As an experiment, I applied algorithms from the scikit-image python package to find pitted cones in the example image shown at left. Fortunately, the documentation already provides a good example of circular feature detection.

So modifying the example code, I applied it to a small portion of the example image, and the figure below shows the results. Here I’m just showing the top ten most strongly detected circular features.

Unfortunately, the algorithm is not perfect — some of the obvious cones were not picked out, and others were highlighted more than once. But overall, not terrible, considering it took me about an hour and a half to implement (which included upgrading to Python 3 via the Anaconda package because scikit-image wouldn’t work with the Enthought Python version 2.7 — this upgrade will probably adversely affect my ability to use astroml, by the way).

Possible ways to improve things:

1. The example code only returns the top two most strongly detected features for each circle radius it tries; this restriction would be simple to remove.
2. The fact that the pitted cones are cone-shaped means you could require that any putative crater be framed by an appropriately shaped shadow. Regardless of the cone’s actual height (probably unknown anyway), the shadow on the cone should darken as the solar incident angle approaches 180 degrees, modulo any nearby morphological features (as evident in the figure below).

## Shi & Malik (2000) — “Normalized Cuts and Image Segmentation”

As part of my new push into data science, I read Shi & Malik’s paper on the perceptual grouping problem in which they develop a new algorithm for dividing an image up into coherent regions.

What does it mean to divide an image into coherent regions? Say, for example, you had a satellite image of a large storm system, such as the figure at left from Shi and Malik’s paper. Panel (a) shows the original image, while (b) and (c) show two portions of the image grouped together by Shi and Malik’s algorithm. The result makes intuitive sense (at least, to me): (b) is a large part of the storm, while (c) is the ground underneath.

Basically, Shi and Malik’s algorithm treats the entire image as a weighted graph, with portions of the image treated as nodes. Weights on the edges connecting the nodes are larger for portions that are closer to each other and for portions that are similar (where similarity may depend on the pixel brightnesses, textures, colors, etc.).

The algorithm decides which portions belong together as one segment using the weights for all the nodes connected in that segment. Shi and Malik developed a clever way to turn this process into an eigenvalue/vector problem, thereby dramatically facilitating the calculation. Their technique amounts to treating the pixels as individual masses connected by springs, with spring constants given by the edge weights, and then finding the normal modes of oscillation for the system: pixels that are strongly coupled are grouped together as one segment.

Conveniently, the algorithm is implemented in the scikit-learn python module. Using their example code, I was able to reproduce the segmentation of the Lena image easily (shown below), so I thought to try it on some VIMS observations of Titan. (Here’s the original Titan image. I took a small portion of it.)

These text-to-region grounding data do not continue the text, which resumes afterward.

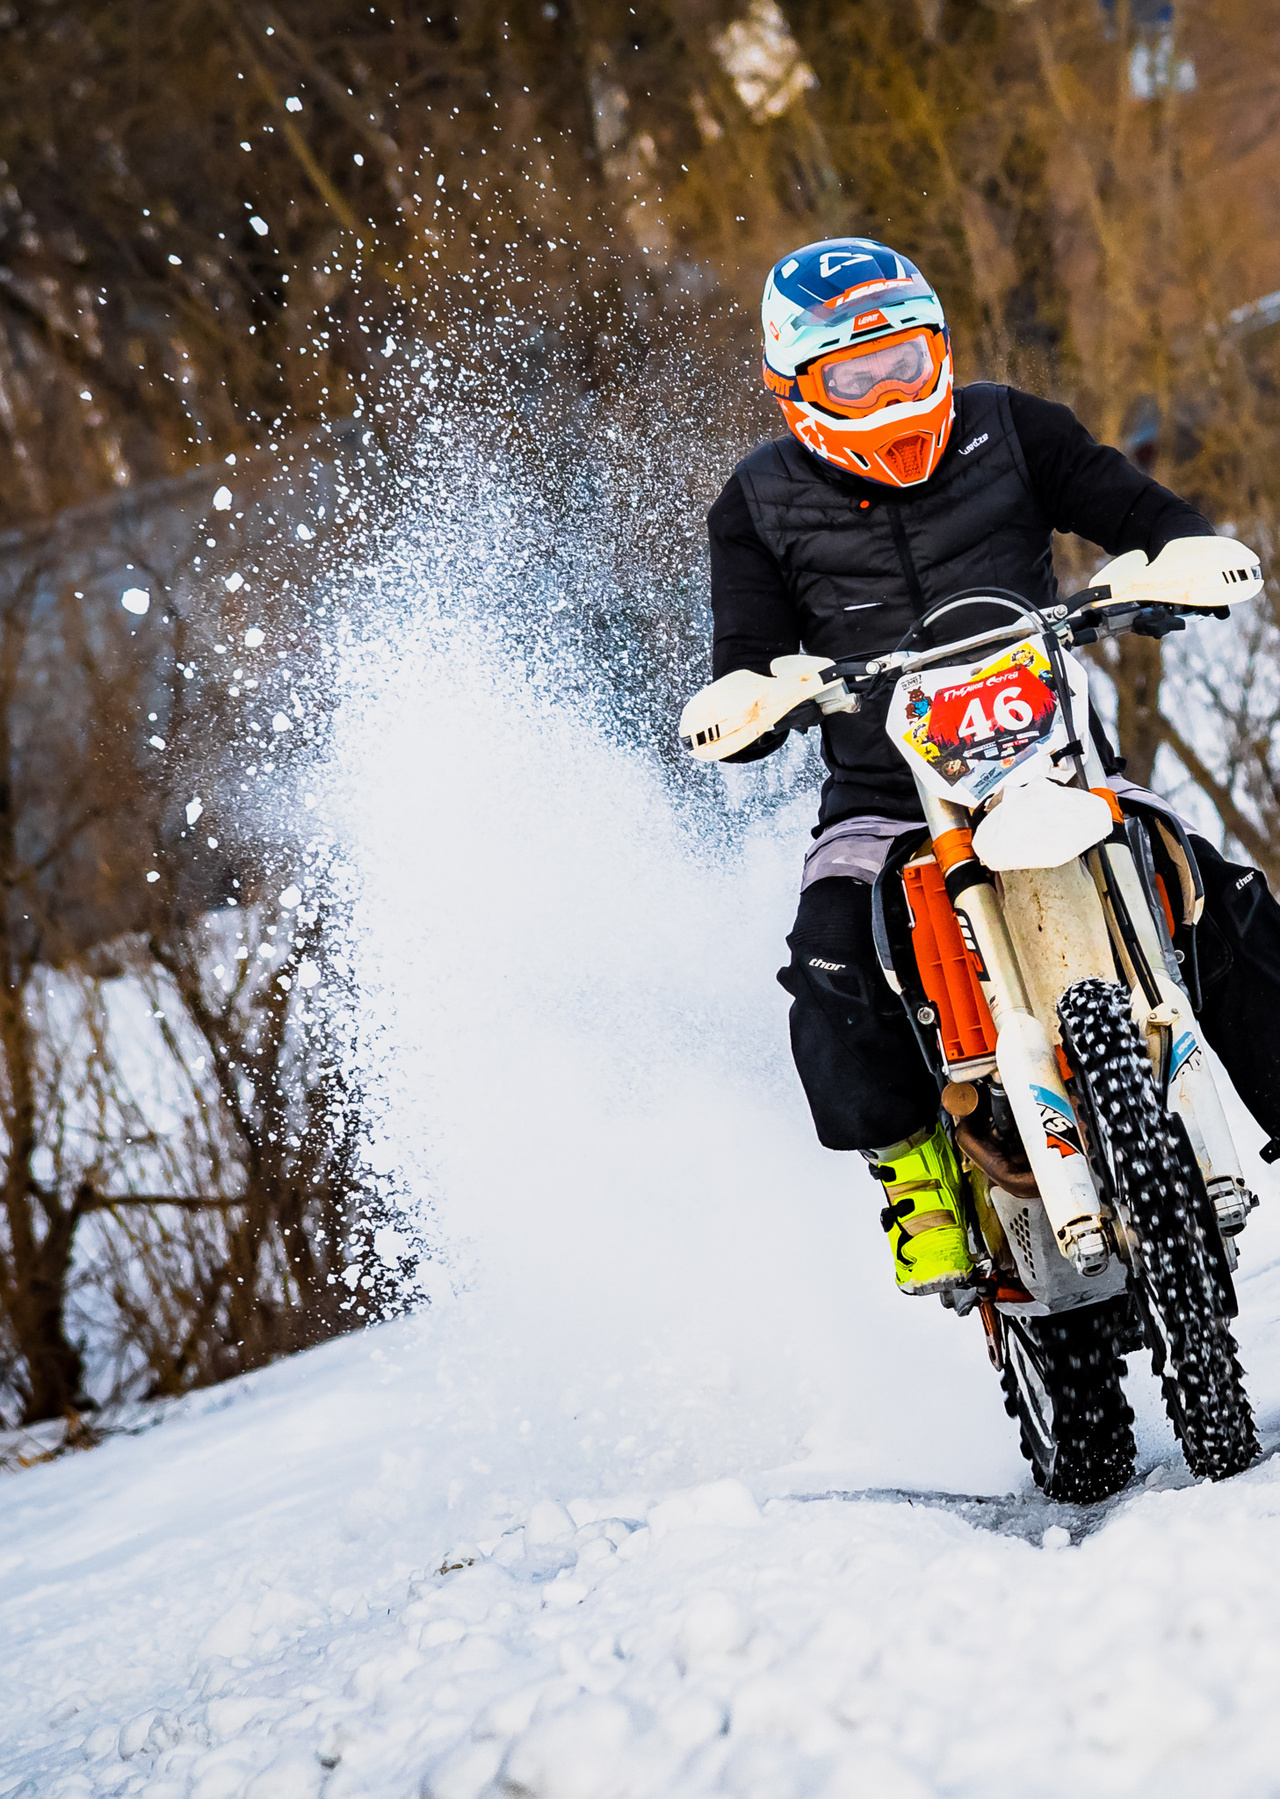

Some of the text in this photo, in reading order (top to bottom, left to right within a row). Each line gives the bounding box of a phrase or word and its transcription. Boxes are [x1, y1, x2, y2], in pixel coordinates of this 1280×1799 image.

[858, 313, 880, 326] LEATT
[958, 686, 1033, 742] 46
[1235, 870, 1255, 891] thor
[808, 957, 847, 972] thor
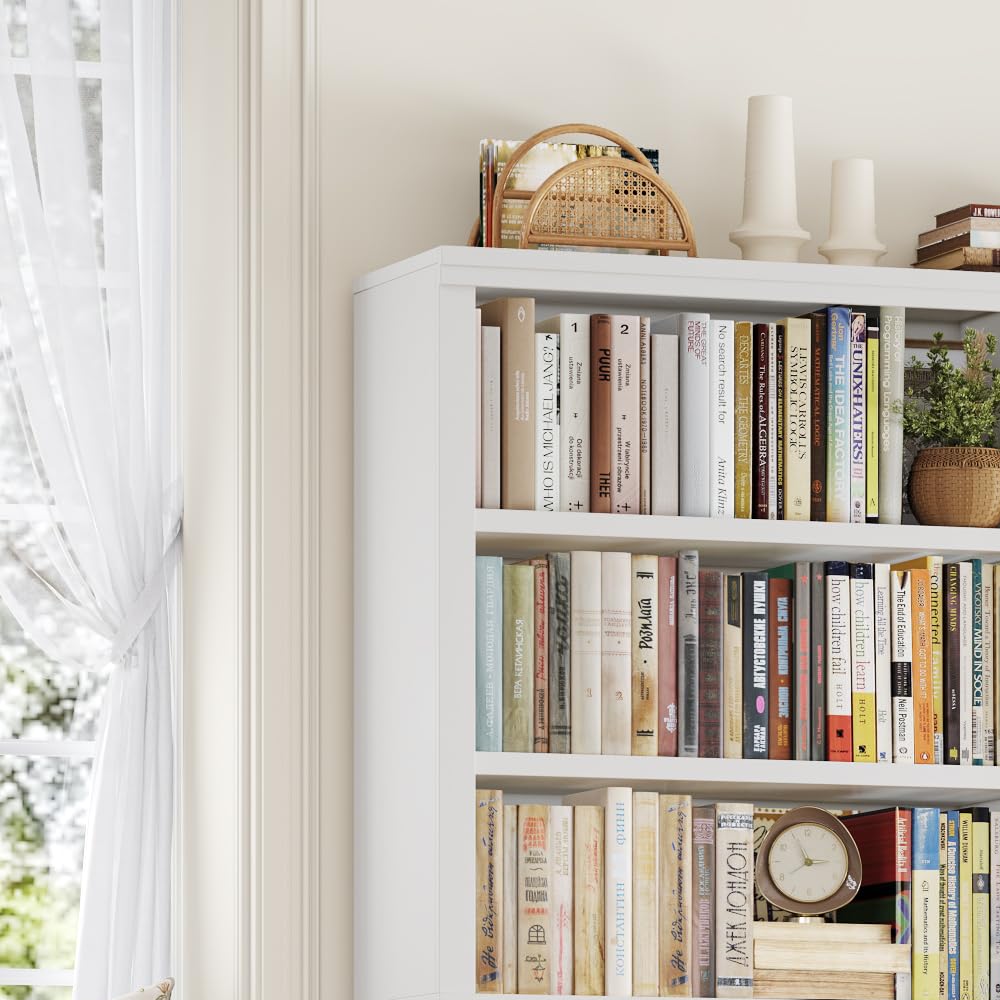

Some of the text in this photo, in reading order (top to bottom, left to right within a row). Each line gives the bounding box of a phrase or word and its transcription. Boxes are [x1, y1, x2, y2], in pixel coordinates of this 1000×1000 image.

[718, 325, 727, 424] No search result for
[758, 366, 767, 382] The
[758, 383, 767, 403] Rules
[799, 347, 808, 389] LEWIS
[543, 346, 554, 512] WHO IS MICHAEL JANG?
[599, 348, 610, 497] PUUR THEE
[758, 405, 767, 414] of
[758, 415, 767, 466] ALGEBRA
[753, 581, 766, 688] АВГУСТОВСКИЕ ПУШКИ
[854, 582, 871, 607] how
[854, 608, 871, 657] children
[513, 619, 524, 699] ВЕРА КЕТЛИНСКАЯ
[829, 578, 848, 709] how children fail HOLT
[854, 660, 871, 690] learn
[896, 590, 906, 741] The End of Education Neil Postman
[615, 802, 625, 977] КОНСТАНТИН ФИНН
[726, 842, 748, 967] ДЖЕК ЛОНДОН
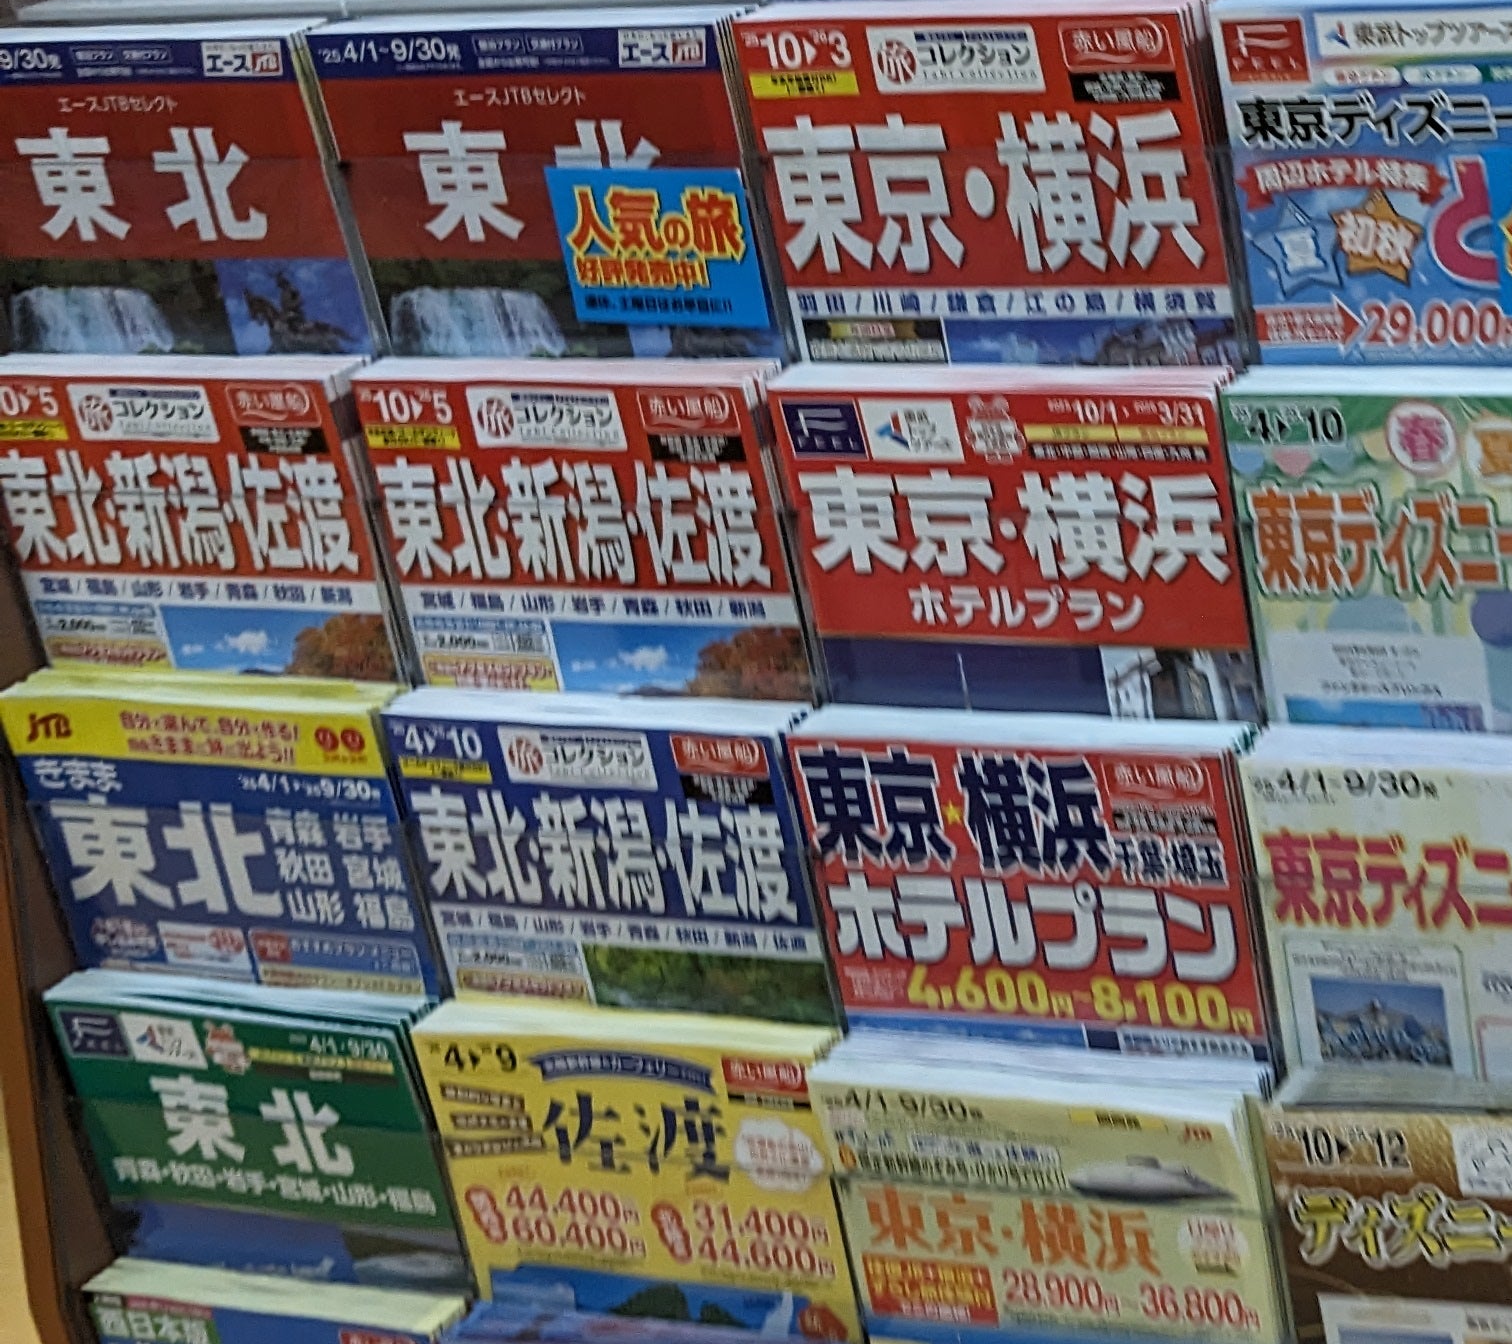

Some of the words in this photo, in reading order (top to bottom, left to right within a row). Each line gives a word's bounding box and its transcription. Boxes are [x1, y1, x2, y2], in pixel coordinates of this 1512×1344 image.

[621, 42, 671, 63] エース
[918, 43, 1032, 67] コレクション
[1072, 26, 1157, 55] 赤い風船
[454, 87, 586, 107] エースJTBセレクト
[15, 127, 268, 242] 東北
[763, 110, 1206, 273] 東京・横浜
[1257, 160, 1430, 192] 周辺ホテル特集
[568, 186, 746, 265] 人気の旅
[514, 407, 612, 428] コレクション
[0, 448, 359, 574] 東北・新潟・佐渡
[376, 456, 772, 589] 東北・新潟・佐渡
[798, 466, 1231, 584] 東京・横浜
[908, 583, 1144, 633] ホテルプラン
[27, 713, 73, 742] JTB
[33, 759, 122, 792] きまま
[543, 745, 643, 766] コレクション
[266, 808, 326, 848] 青森
[333, 813, 392, 853] 岩手
[794, 744, 956, 869] 東京
[955, 749, 1116, 881] 横浜
[49, 793, 284, 917] 東北
[275, 848, 335, 885] 秋田
[343, 854, 403, 891] 宮城
[409, 784, 798, 923] 東北・新潟・佐渡
[287, 891, 344, 926] 山形
[354, 893, 415, 932] 福島
[827, 870, 1237, 983] ホテルプラン
[150, 1075, 354, 1177] 東北
[544, 1091, 730, 1183] 佐渡
[507, 1185, 640, 1226] 44,400円
[860, 1184, 1162, 1277] 東京・横浜
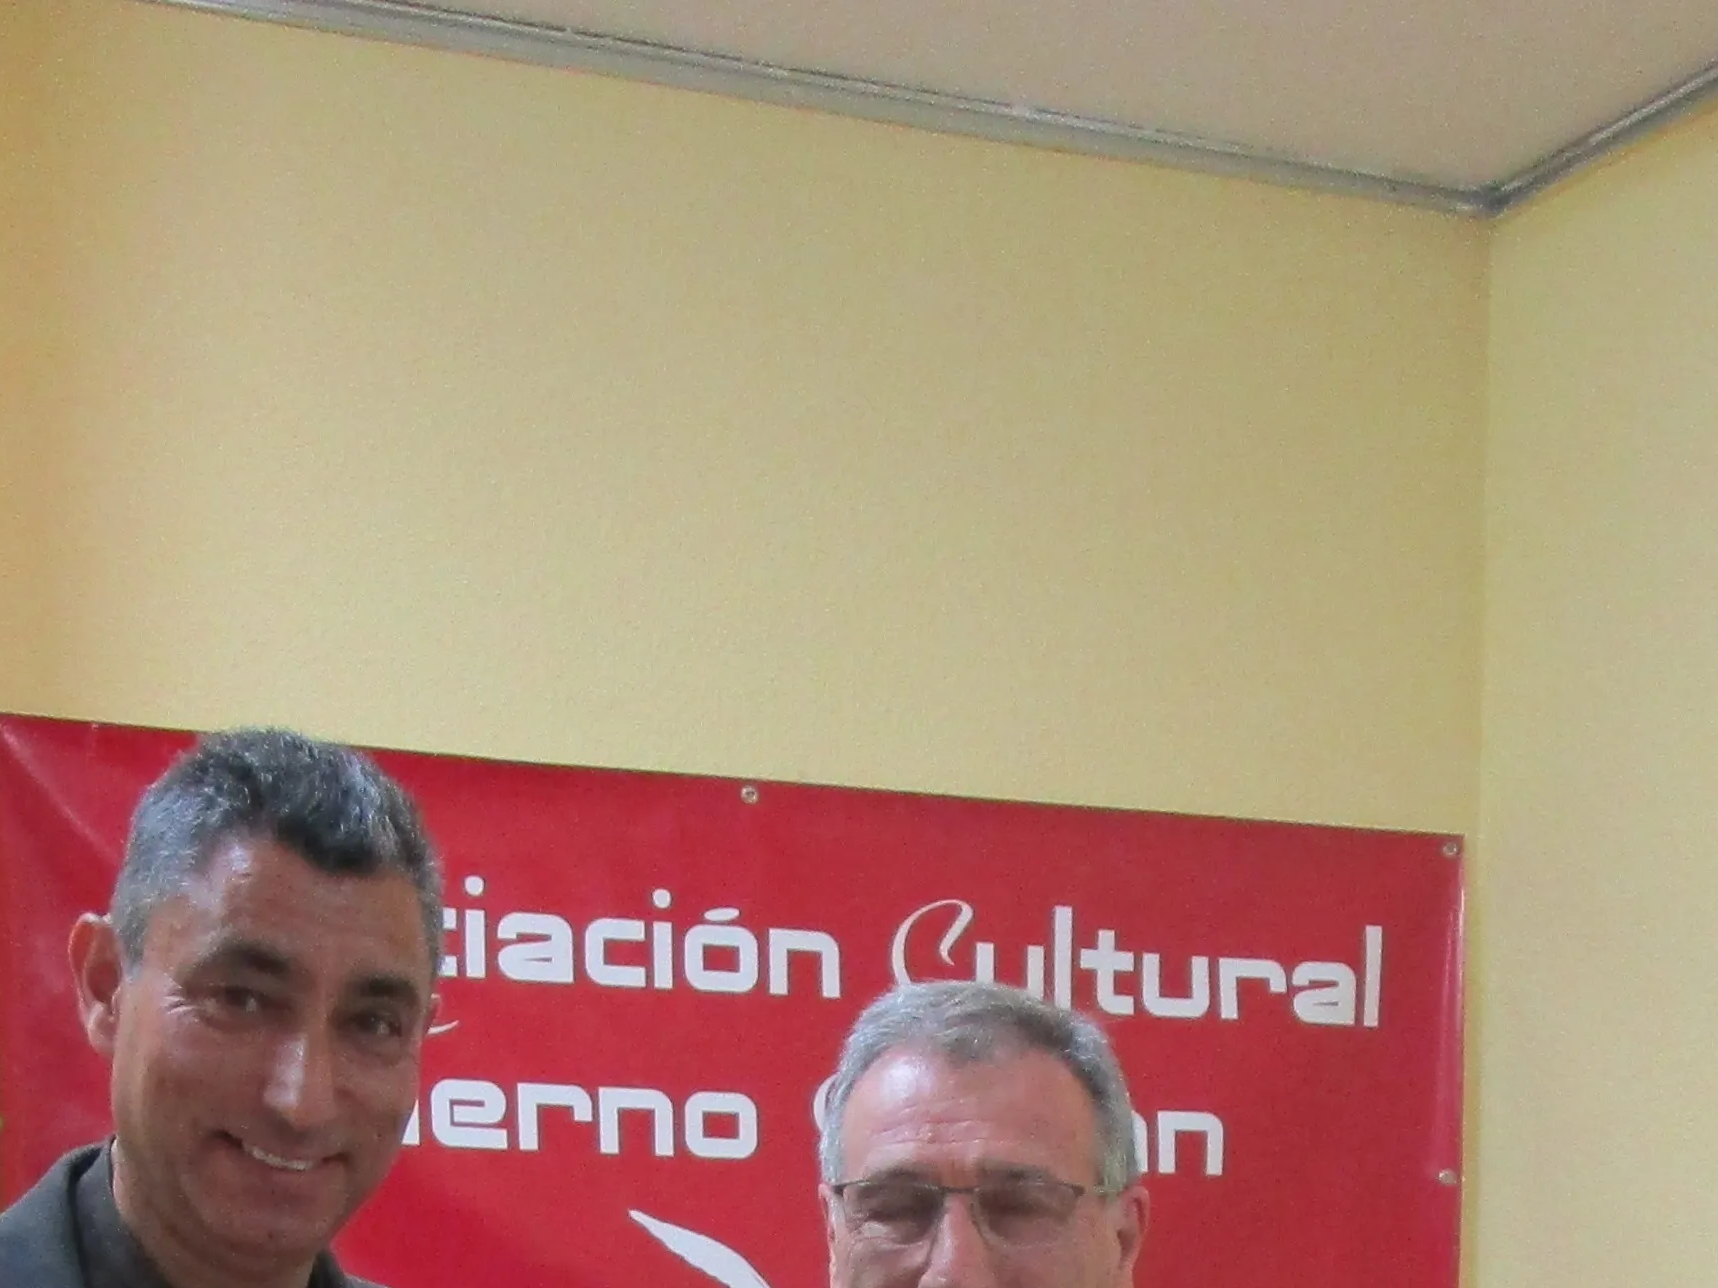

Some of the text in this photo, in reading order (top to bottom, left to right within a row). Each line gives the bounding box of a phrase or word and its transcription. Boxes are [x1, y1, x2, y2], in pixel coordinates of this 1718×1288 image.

[438, 875, 1382, 1027] iación Cultural
[402, 1079, 758, 1160] erno

Unfortunately, the result was not promising: the algorithm did NOT break up the image into the segments I expected. Instead, the segments seem pretty random. It also took about 40 minutes to work, even though the Titan image is smaller than the Lena image (100 x 100 pixels vs. 128 x 128). (Left) Result from the spectral clustering example code on the scikit-learn page. (Right) My own attempt at segmenting a VIMS image of Titan.

Next things to try: it seems the algorithm needs me to tell it how many regions to use — I used the number given in the original example, 11. Maybe I should try a smaller number. There are also a few options as to how the graph weight are calculated in the original Shi and Malik algorithm (not sure if the scikit-learn module has that capability).